Effect of \( \lambda_{1} \) and \( \lambda_{2} \) on NIPS dataset under K = 100 and T = 20

Fig. 5
figure 5

Effect of \( \lambda_{1} \) and \( \lambda_{2} \) on 20-Newsgroups dataset under K = 100 and T = 20

5 Conclusions

In this paper, we propose a Mixed Word Correlation Knowledge-based Latent Dirichlet Allocation topic model (abbr. to MWCK-LDA) to infer latent topics from documents corpus. We find that MWCK-LDA can incorporate both must-links and cannot-links generated by word embeddings in a soft manner. To incorporate the above knowledge, the Mixed Markov Random Field is constructed over the latent topic layer to regularize the topic assignment of each word during the topic modeling process, which will give must-links a better chance to be put into the same topic and cannot-links a better chance to be not.
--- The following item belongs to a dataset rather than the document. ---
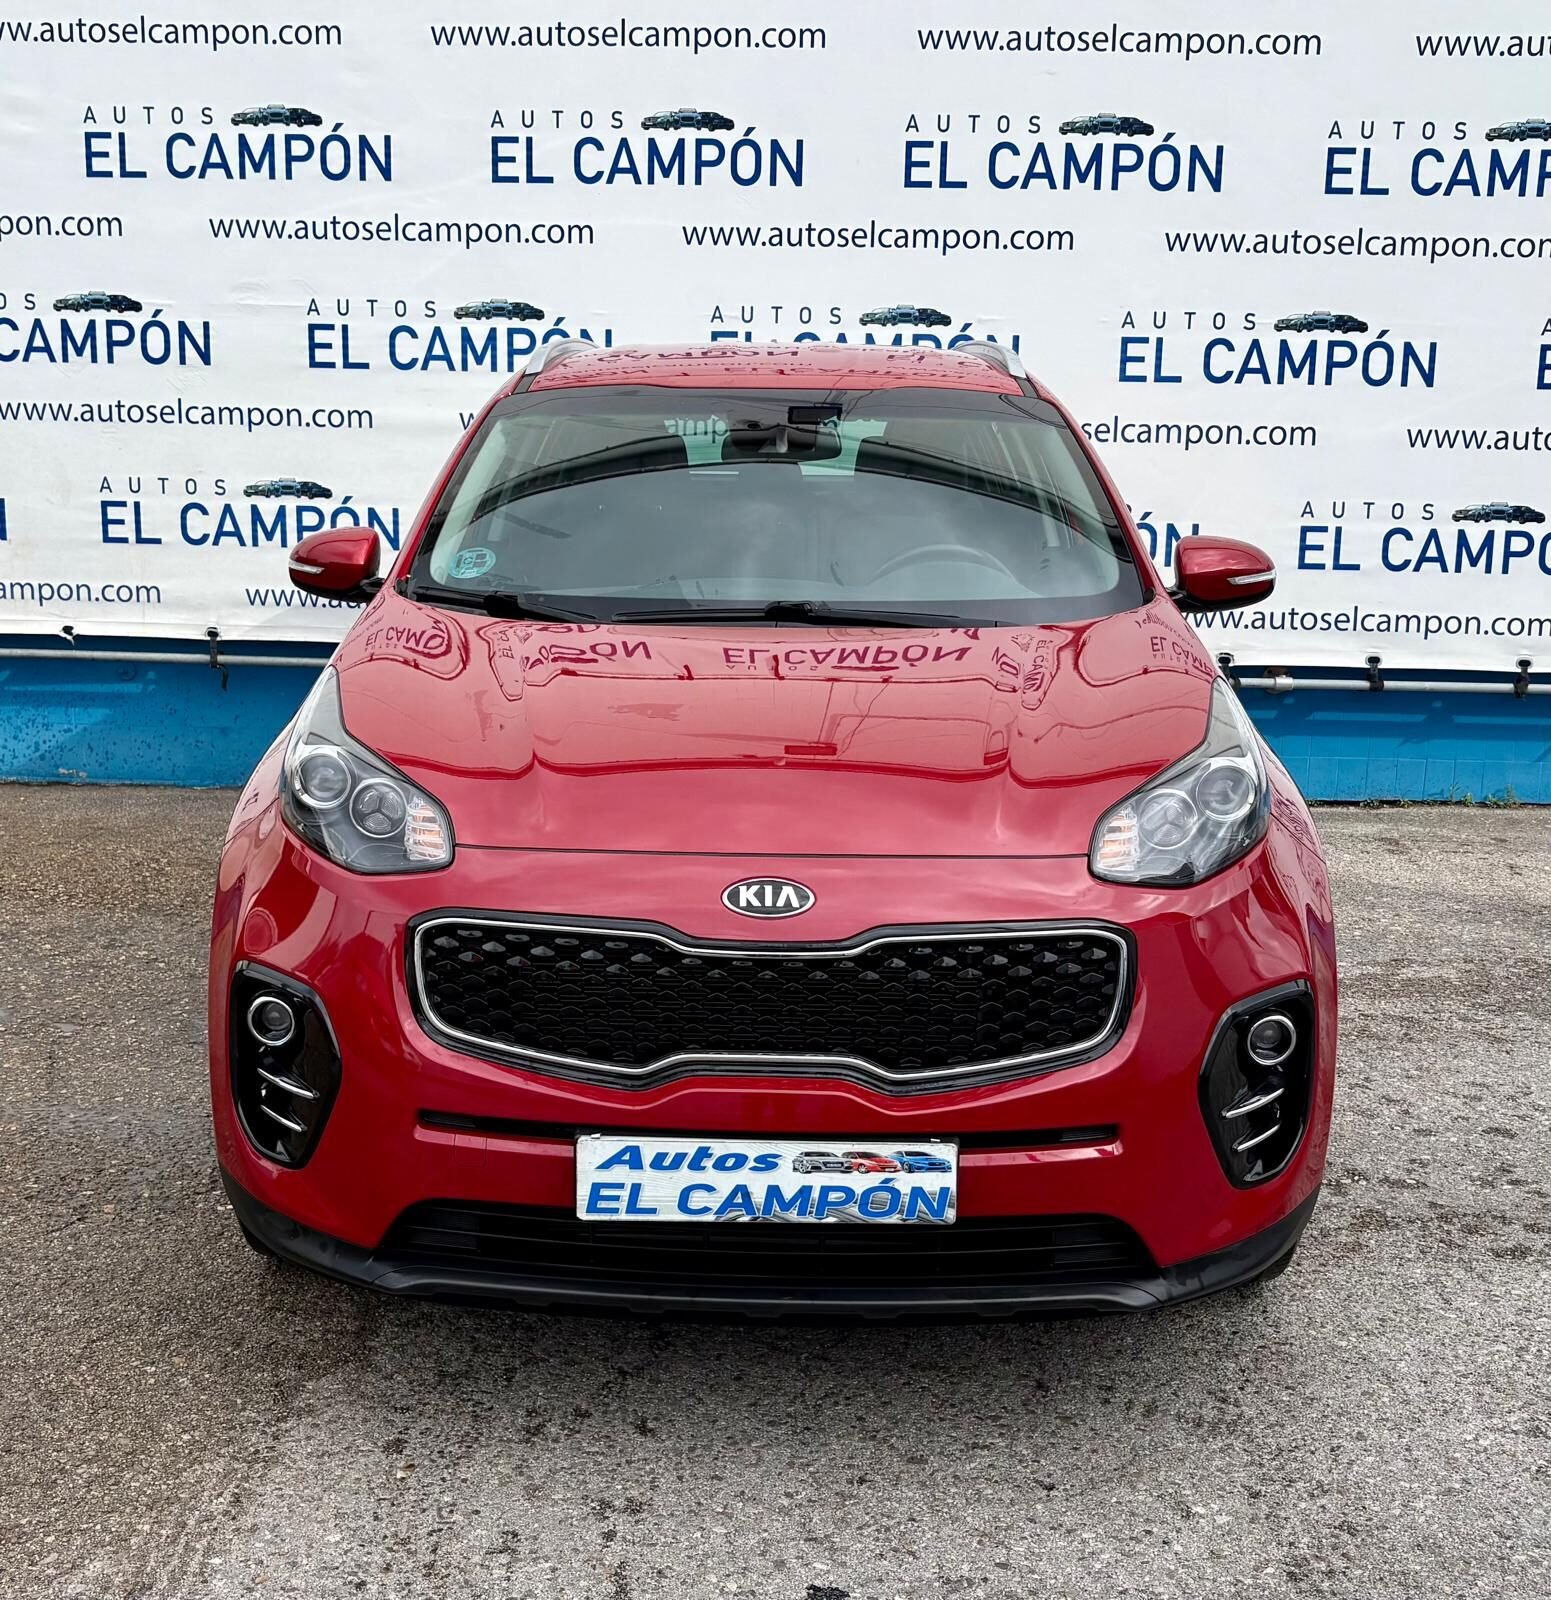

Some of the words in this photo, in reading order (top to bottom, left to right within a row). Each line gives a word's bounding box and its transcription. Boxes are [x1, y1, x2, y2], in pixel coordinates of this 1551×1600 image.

In addition, the developed knowledge incorporation mechanism enable a good balance between two forms of external knowledge and word co-occurrence information contained in documents when topic sampling. Experimental results show that MWCK-LDA can achieve significantly better performance than baseline topic models. As future research work, we will focus on how to incorporate more abundant knowledge forms into topic models to improve the coherence of modeling results further.